### Problem description:
In the records below, take the line containing "this 1440×1920 image." and reproduce it and every subsequent line exactly, adding nothing.

»»

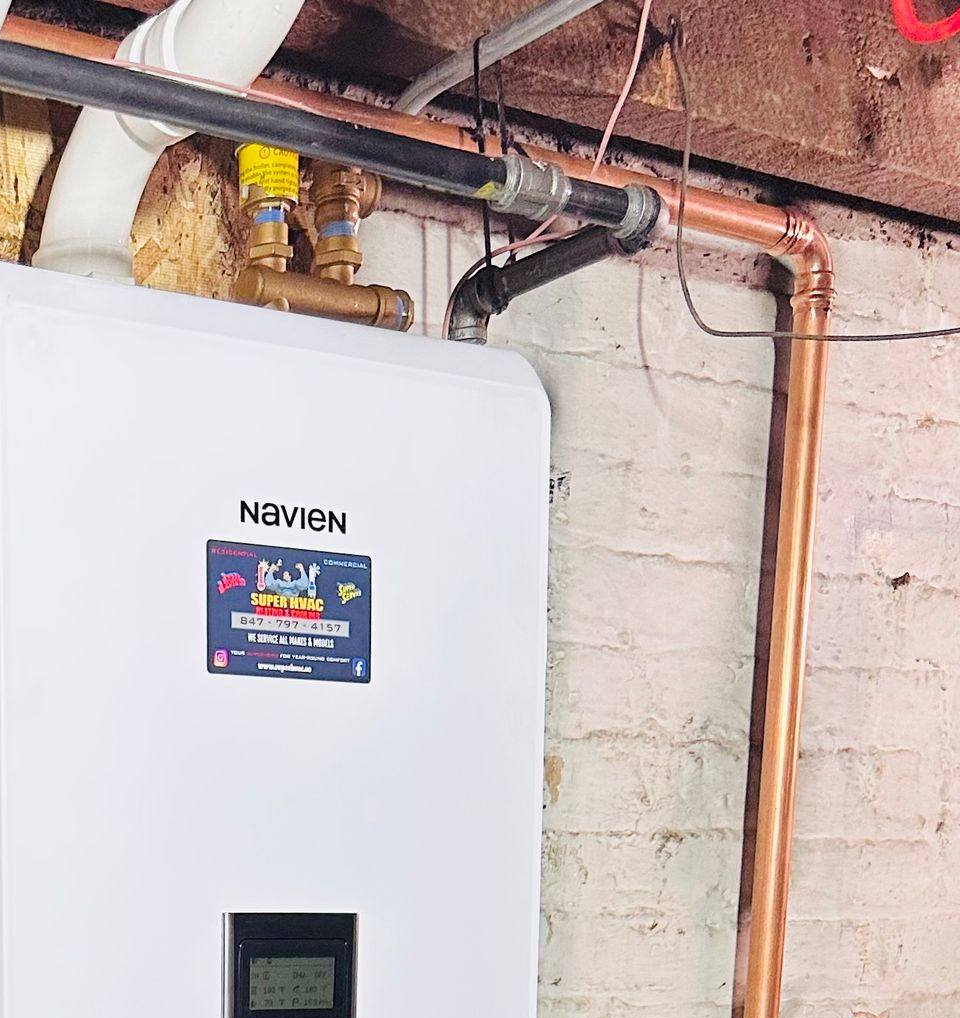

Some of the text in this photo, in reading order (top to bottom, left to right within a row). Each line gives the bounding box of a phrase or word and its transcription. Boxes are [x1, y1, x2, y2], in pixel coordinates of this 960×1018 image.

[323, 559, 368, 569] COMMERCIAL
[250, 592, 324, 612] SUPER HVAC
[240, 616, 264, 626] 847
[276, 619, 299, 629] 797
[310, 622, 342, 633] 4157
[247, 632, 257, 643] WE
[257, 633, 279, 645] SERVICE
[279, 635, 289, 646] ALL
[289, 635, 307, 647] MAKES
[313, 638, 335, 649] MODELS
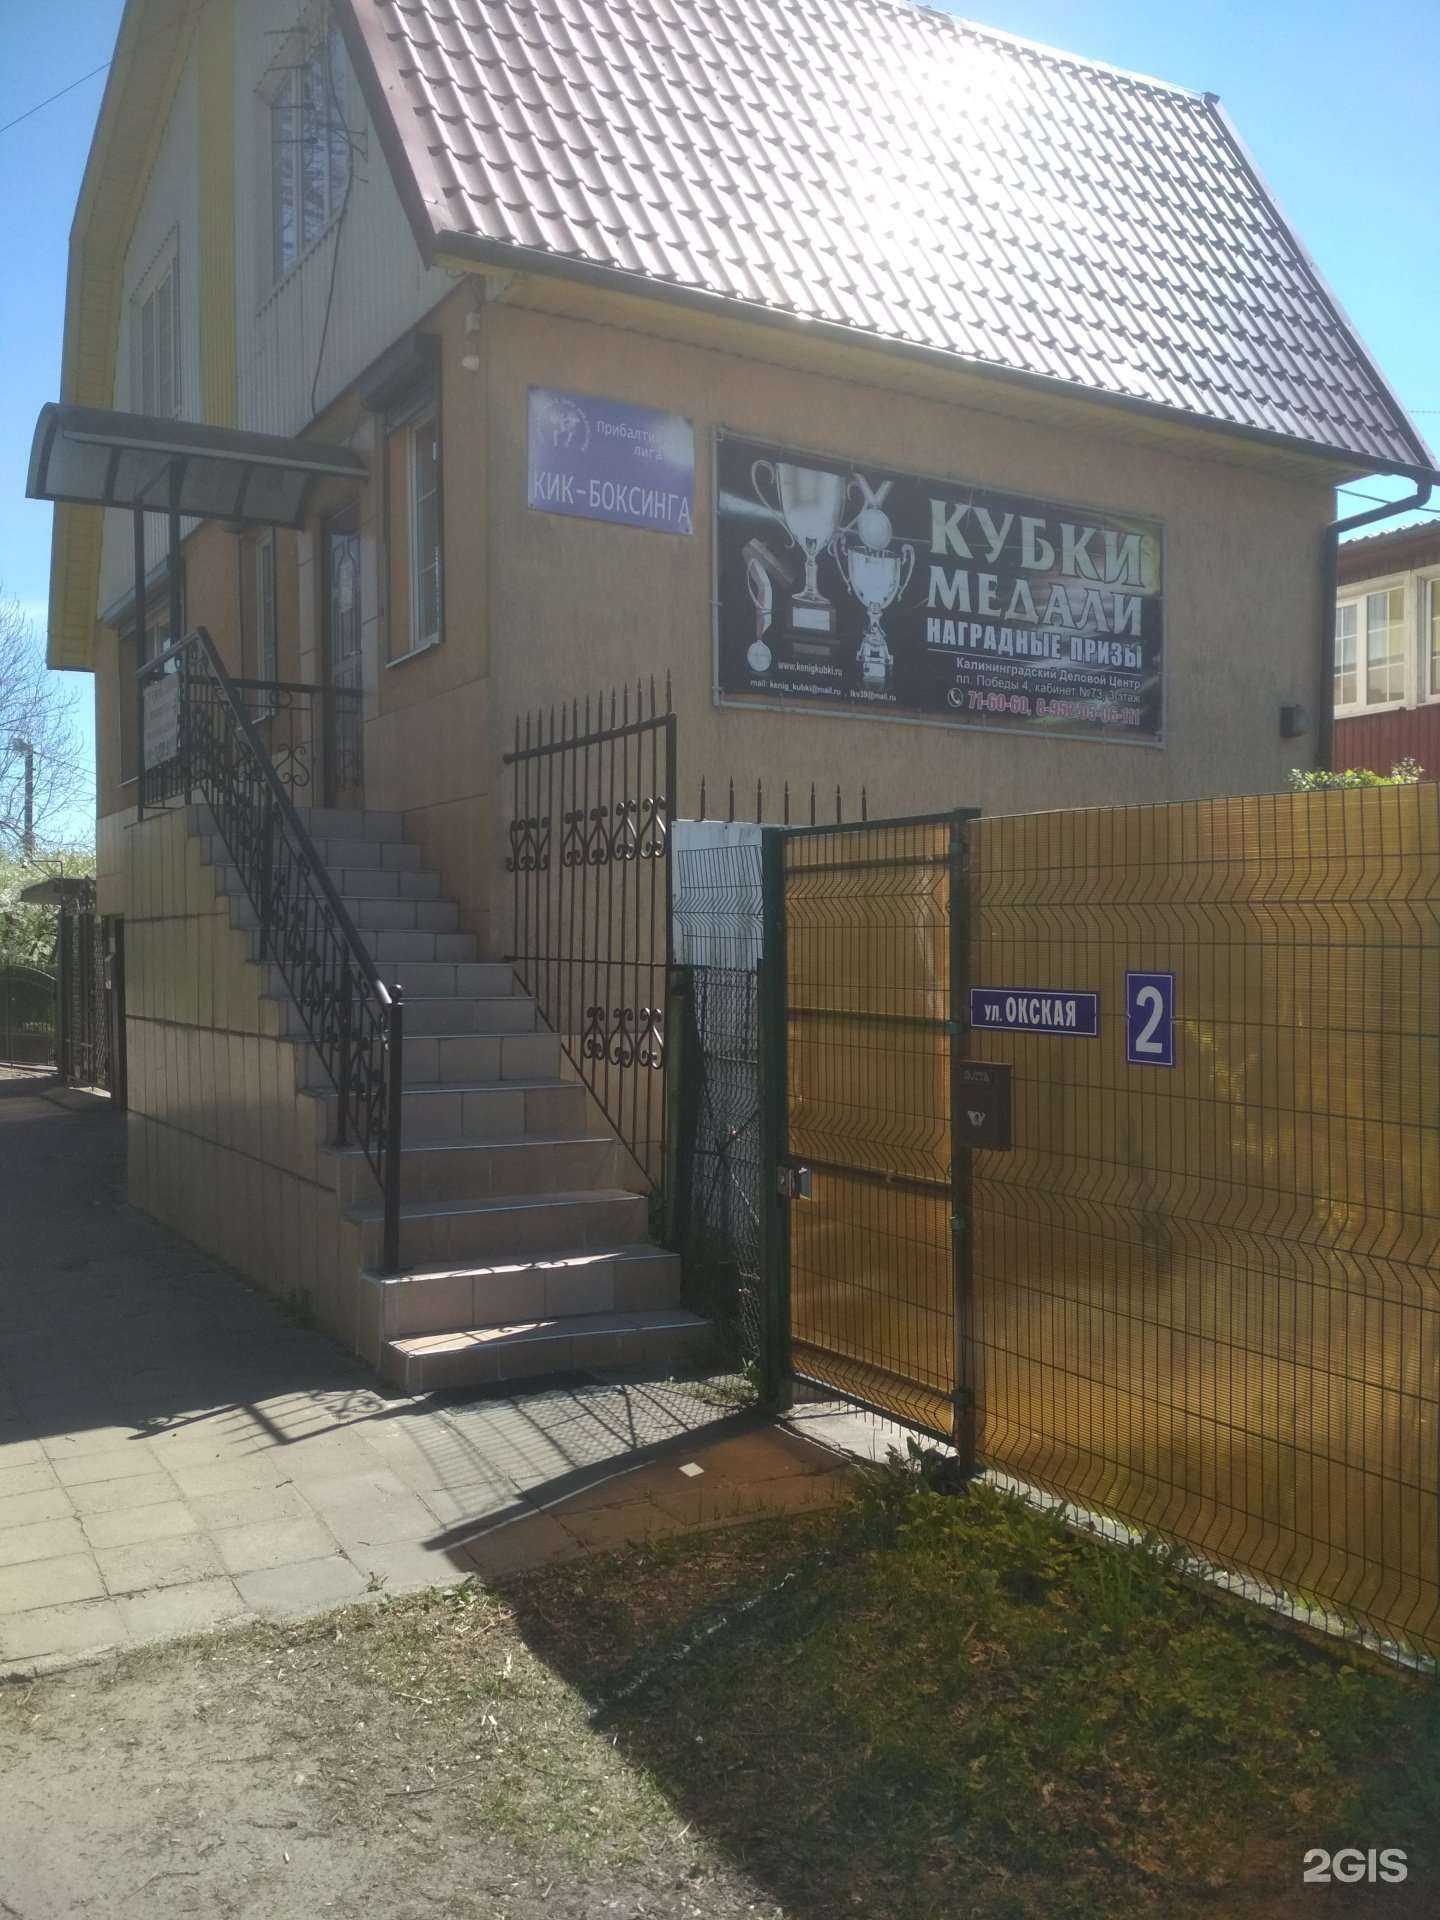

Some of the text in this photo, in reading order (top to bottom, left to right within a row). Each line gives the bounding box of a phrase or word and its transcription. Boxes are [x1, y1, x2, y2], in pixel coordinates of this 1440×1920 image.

[534, 472, 693, 536] КИК-БОКСИНГА
[929, 498, 1145, 587] КУБКИ
[927, 565, 1143, 636] МЕДАЛИ
[927, 617, 1142, 669] НАГРАДНЫЕ ПРИЗЫ
[956, 657, 1141, 691] Калининградский Деловой Центр
[976, 675, 1019, 690] Победы
[1035, 683, 1075, 697] кабинет
[984, 996, 1076, 1027] ул. ОКСКАЯ
[1135, 985, 1164, 1054] 2

««

### Result for this task:
Some of the text in this photo, in reading order (top to bottom, left to right within a row). Each line gives the bounding box of a phrase or word and its transcription. Boxes are [x1, y1, x2, y2], in pixel coordinates of this 1440×1920 image.

[534, 472, 693, 536] КИК-БОКСИНГА
[929, 498, 1145, 587] КУБКИ
[927, 565, 1143, 636] МЕДАЛИ
[927, 617, 1142, 669] НАГРАДНЫЕ ПРИЗЫ
[956, 657, 1141, 691] Калининградский Деловой Центр
[976, 675, 1019, 690] Победы
[1035, 683, 1075, 697] кабинет
[984, 996, 1076, 1027] ул. ОКСКАЯ
[1135, 985, 1164, 1054] 2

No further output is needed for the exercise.